Points clés à retenir
- Laser Digital a obtenu la licence japonaise n° 00032, mettant fin à une sécheresse d'enregistrement d'environ 4 ans.
- L'unité de Nomura démarre avec 6 actifs cryptographiques à l'ouverture du marché institutionnel japonais.
- Laser Digital fait face à son prochain test alors que les nouvelles règles japonaises en matière de cryptographie arriveront au cours de l'exercice 2027.
Laser Digital Japan a déclaré cette semaine avoir finalisé son enregistrement en tant que fournisseur de services d'échange d'actifs cryptographiques en vertu de la loi japonaise sur les services de paiement. Le Bureau des finances locales de Kanto répertorie la société sous le numéro d'enregistrement 00032 et elle a rejoint la Japan Virtual and Crypto Assets Exchange Association.
Nomura prend la route de la vente en gros
Nomura n'utilise pas la licence pour chasser les commerçants de détail avec une autre application cryptographique. Laser Digital commence là où les bureaux institutionnels ont besoin d'aide, en fournissant des liquidités aux sociétés de cryptographie agréées du Japon afin que des commandes plus importantes puissent être réglées sans détruire de minces carnets de commandes.

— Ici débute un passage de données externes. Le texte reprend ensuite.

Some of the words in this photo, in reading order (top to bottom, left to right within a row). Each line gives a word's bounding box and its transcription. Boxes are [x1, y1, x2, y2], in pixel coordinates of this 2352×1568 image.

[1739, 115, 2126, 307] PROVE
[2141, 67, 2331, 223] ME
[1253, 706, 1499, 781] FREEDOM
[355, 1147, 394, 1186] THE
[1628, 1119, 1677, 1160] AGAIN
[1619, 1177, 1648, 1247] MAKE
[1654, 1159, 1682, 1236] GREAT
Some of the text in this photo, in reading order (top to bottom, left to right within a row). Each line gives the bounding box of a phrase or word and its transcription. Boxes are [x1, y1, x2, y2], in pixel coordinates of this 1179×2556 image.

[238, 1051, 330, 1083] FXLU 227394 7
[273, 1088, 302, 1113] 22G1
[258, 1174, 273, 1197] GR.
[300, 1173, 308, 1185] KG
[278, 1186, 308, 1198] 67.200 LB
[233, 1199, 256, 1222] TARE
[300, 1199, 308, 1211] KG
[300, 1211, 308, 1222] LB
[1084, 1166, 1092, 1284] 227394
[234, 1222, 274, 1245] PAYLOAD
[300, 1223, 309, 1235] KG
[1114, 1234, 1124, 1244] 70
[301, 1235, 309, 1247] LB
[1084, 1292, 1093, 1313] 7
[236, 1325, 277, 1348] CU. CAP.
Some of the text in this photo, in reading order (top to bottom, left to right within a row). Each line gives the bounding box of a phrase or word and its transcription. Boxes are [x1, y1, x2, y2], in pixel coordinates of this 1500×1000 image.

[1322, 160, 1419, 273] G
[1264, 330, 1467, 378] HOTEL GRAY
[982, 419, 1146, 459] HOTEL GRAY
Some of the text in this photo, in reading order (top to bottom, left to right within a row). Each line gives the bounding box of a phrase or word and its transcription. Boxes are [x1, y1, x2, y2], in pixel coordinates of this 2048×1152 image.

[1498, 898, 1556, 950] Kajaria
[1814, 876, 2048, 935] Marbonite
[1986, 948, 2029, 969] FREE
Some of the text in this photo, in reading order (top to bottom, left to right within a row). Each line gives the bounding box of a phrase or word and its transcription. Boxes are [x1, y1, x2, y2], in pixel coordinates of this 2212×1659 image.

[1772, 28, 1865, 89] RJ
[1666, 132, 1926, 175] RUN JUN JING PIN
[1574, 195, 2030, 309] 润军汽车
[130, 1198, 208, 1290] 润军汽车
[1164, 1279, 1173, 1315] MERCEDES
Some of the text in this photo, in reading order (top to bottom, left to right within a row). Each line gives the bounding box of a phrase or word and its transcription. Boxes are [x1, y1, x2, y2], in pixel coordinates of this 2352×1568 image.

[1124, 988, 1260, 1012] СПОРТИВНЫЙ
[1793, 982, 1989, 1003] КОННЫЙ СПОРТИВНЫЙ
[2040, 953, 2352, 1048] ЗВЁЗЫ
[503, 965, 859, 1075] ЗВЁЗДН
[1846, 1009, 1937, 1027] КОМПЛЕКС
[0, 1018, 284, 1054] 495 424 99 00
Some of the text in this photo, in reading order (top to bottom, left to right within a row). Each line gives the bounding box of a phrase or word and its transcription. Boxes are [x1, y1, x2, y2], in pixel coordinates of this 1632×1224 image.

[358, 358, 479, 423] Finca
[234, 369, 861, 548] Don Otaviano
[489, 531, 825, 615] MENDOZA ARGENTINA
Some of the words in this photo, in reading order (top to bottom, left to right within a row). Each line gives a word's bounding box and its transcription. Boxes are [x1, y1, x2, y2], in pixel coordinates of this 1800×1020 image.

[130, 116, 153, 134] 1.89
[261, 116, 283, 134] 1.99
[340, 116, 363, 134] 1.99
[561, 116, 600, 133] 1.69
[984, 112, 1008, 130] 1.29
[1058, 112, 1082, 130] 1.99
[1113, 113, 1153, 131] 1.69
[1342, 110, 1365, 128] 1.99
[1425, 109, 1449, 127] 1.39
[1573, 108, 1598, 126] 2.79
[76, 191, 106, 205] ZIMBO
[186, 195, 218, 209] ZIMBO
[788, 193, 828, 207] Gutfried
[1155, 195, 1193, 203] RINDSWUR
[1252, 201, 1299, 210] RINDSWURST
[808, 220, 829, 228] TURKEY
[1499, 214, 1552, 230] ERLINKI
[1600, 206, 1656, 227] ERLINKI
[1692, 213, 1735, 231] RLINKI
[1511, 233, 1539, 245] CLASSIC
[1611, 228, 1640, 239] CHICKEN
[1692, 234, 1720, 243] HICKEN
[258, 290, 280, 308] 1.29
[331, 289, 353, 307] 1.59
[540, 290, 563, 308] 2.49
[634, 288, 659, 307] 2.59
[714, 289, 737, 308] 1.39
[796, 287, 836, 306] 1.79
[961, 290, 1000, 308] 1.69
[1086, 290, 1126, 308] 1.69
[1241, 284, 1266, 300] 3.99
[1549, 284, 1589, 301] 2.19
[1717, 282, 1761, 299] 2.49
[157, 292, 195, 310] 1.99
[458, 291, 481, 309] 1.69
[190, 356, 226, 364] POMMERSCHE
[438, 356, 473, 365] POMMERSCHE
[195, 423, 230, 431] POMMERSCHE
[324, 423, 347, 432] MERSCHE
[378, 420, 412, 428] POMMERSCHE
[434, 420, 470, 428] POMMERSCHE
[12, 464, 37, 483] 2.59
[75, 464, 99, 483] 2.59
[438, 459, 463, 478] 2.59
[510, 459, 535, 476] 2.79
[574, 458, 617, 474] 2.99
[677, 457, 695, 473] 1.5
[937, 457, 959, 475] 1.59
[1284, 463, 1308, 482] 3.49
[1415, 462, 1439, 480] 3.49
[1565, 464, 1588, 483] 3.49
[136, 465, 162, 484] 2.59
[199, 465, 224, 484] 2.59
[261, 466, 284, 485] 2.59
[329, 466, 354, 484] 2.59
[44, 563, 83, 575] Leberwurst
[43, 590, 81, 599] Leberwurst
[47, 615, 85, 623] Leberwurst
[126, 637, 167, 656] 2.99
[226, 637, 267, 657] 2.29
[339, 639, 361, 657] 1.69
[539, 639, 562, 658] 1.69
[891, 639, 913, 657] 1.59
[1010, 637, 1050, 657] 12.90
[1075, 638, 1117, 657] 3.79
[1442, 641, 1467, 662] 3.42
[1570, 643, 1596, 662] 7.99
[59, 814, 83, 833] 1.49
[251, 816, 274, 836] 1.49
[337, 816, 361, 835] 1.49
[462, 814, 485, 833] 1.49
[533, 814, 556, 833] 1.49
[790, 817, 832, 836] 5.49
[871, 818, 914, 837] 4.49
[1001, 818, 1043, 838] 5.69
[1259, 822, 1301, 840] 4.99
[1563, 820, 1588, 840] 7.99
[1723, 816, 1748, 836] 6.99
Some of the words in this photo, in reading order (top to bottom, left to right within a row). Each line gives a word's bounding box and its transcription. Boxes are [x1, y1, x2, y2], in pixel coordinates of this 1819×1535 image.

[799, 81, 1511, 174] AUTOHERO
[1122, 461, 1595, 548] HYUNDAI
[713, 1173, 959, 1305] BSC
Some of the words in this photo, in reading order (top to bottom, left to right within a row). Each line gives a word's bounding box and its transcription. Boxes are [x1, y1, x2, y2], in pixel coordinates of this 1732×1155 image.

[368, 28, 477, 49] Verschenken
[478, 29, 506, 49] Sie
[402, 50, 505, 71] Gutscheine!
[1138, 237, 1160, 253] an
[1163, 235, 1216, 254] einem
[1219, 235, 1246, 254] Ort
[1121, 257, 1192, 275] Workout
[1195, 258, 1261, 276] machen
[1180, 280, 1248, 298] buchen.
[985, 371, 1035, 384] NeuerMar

Le trading institutionnel pour les investisseurs professionnels japonais intervient plus tard, bien que Laser Digital n'ait pas fixé de date de lancement ni révélé sa gamme complète de produits.
La licence couvre une grande variété d'actifs cryptographiques tels que Bitcoin, Ethereum, XRP, Bitcoin Cash, Litecoin et Shiba Inu. Tous les six figurent sur la « Liste verte » de l'association industrielle, ce qui autorise les opérateurs enregistrés à les proposer sans avoir recours à des dépôts réglementaires distincts pour chaque jeton.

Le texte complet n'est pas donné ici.